A new section dedicated to the current crisis – Newcomer Gegen Corona (Newcomers against Corona)– is due to launch this week.
“We receive lots of feedback from refugees that their main motivation is ‘giving back’ to the host community,” Noppen said.
This is true for Jamila Ahmadi, 45, from Afghanistan, who has been sewing up to 50 masks a day for the Spandau project.
“Everyone has to do something to help if they can,” she said through her own white and gold mask. “Germany is helping us, and now we want and have to help the people.”
Across the city, in Oberschoeneweide, Abdulrahim Al Khattab has been helping to run a COVID-19 neighborhood volunteering project.

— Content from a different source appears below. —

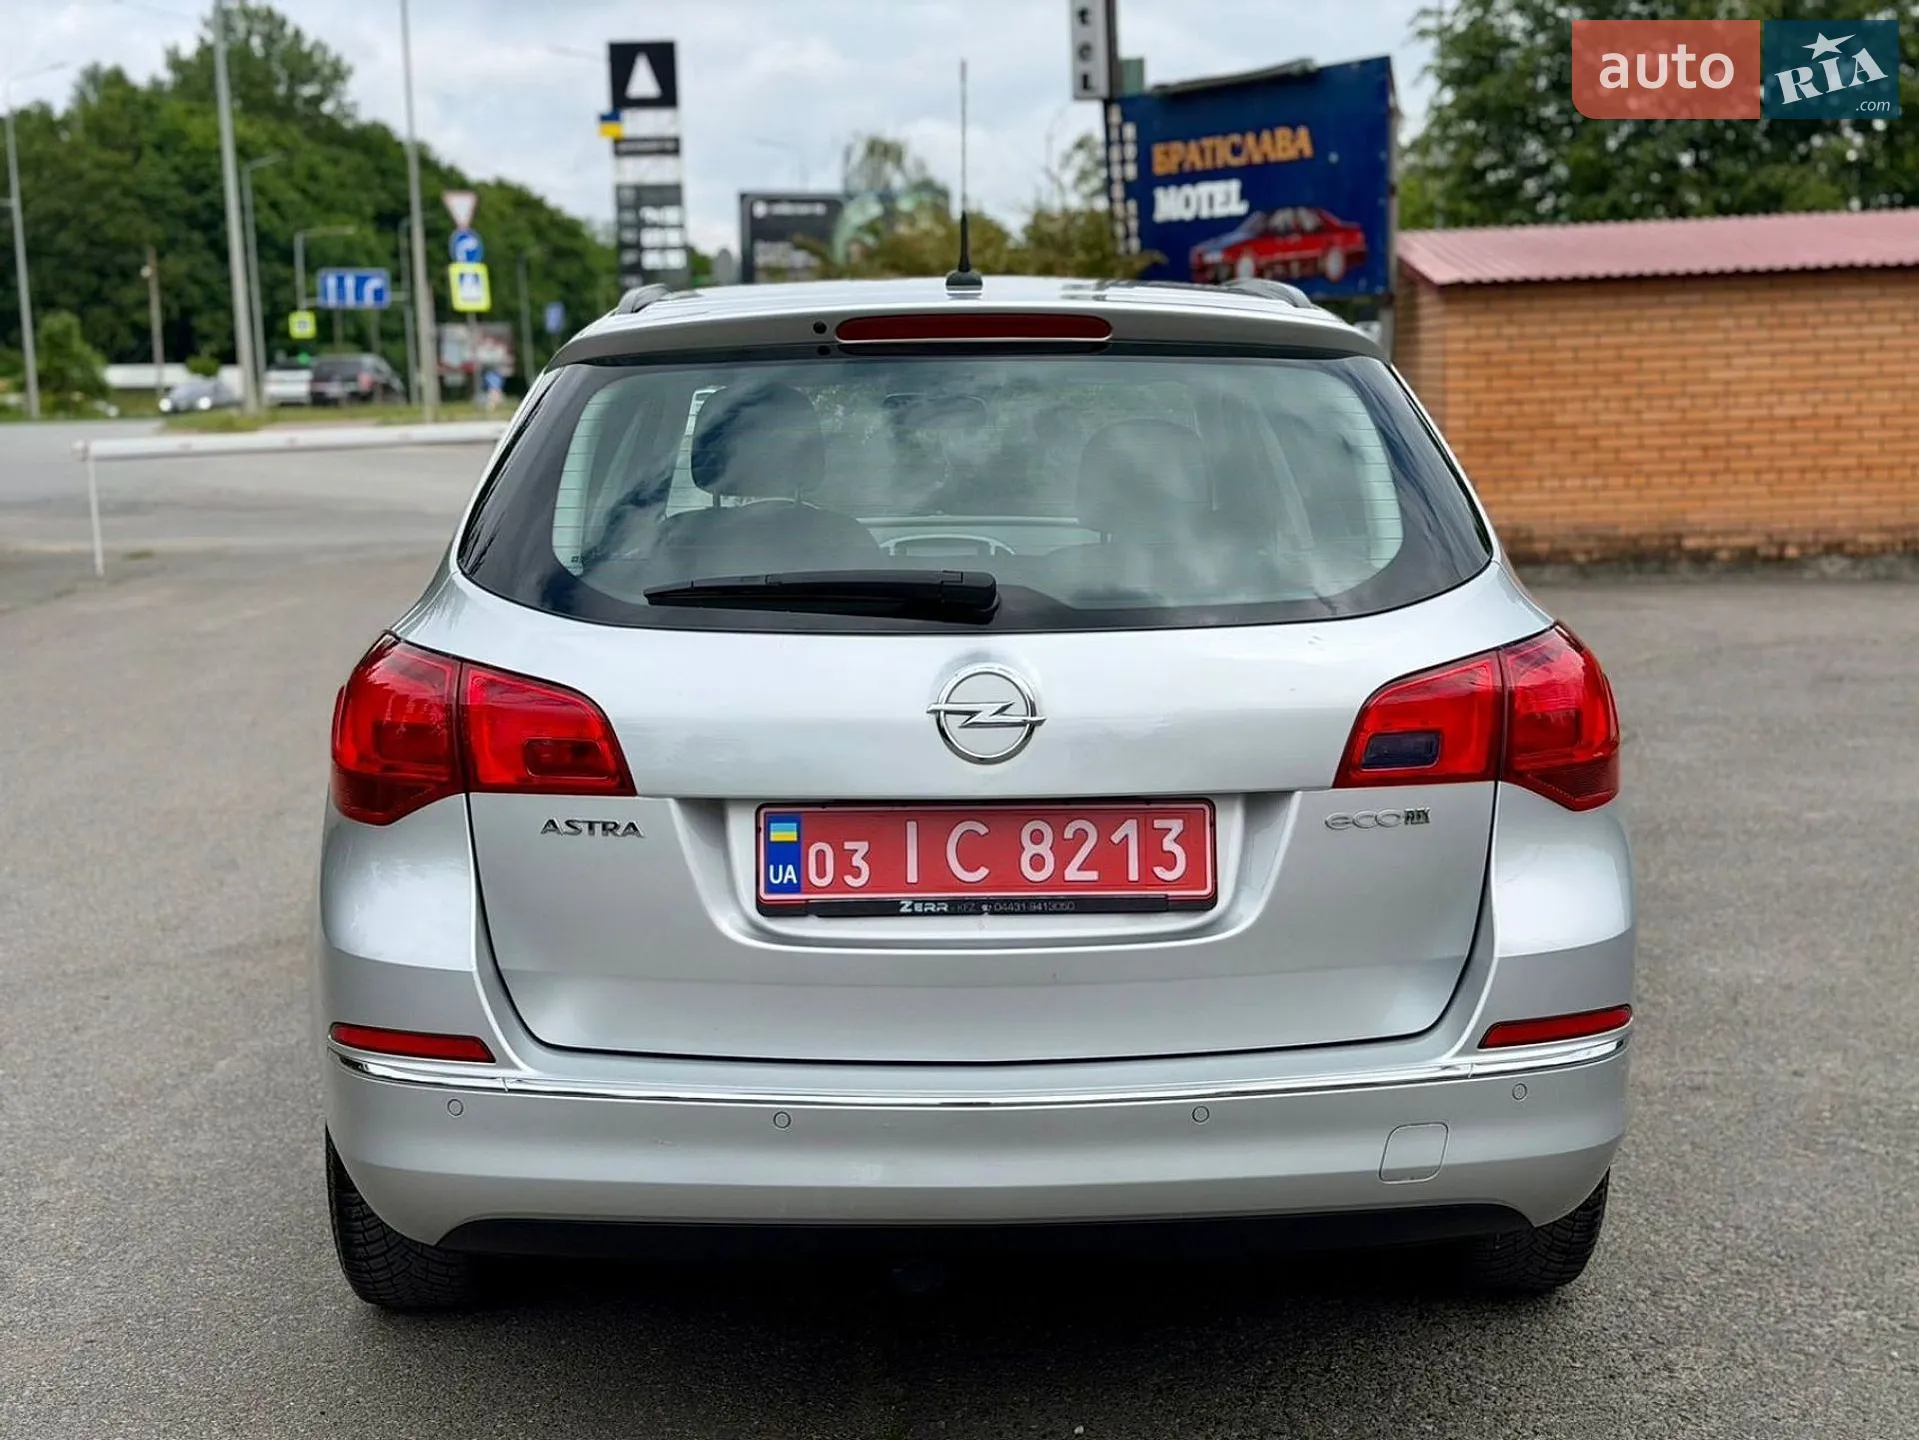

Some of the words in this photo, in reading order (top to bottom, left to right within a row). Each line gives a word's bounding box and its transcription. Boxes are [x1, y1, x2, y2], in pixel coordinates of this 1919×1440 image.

The 31-year-old from Syria and two of his friends have set up a Facebook group and put up notes in the hallways of their buildings asking if anyone needs help with their grocery shopping, medicine or other errands.
Before they came to Germany five years ago, Al Khattab and his friends volunteered in Syria, helping to provide food, clothes, medicine and new homes for people displaced by the civil war.
“This experience taught us a lot,” he said. “In this difficult situation, we think of (the German) people just as we thought of our people.”
Meanwhile, in Berlin’s central Schoeneberg district, a huge pan full of lamb steaks is sizzling in the kitchen of Malakeh Jazmati’s empty restaurant.
With her doors closed to customers, the 32-year-old from Syria has decided instead to cook free lunches for supermarket workers – who she sees as the unsung heroes of the pandemic.
“I know they live in a very hard situation and they work under pressure, so I want to give them something back,” she said.
Jazmati came to Germany in 2015 and opened her restaurant two years ago.
She will add rice and eggplant to the lamb to make one of her signature dishes, known as Makloubeh.
“In this time, volunteering is not something we want to do… or we don’t want, it’s something we should do,” she said.
“Everyone should do something in this time. We need to be together.”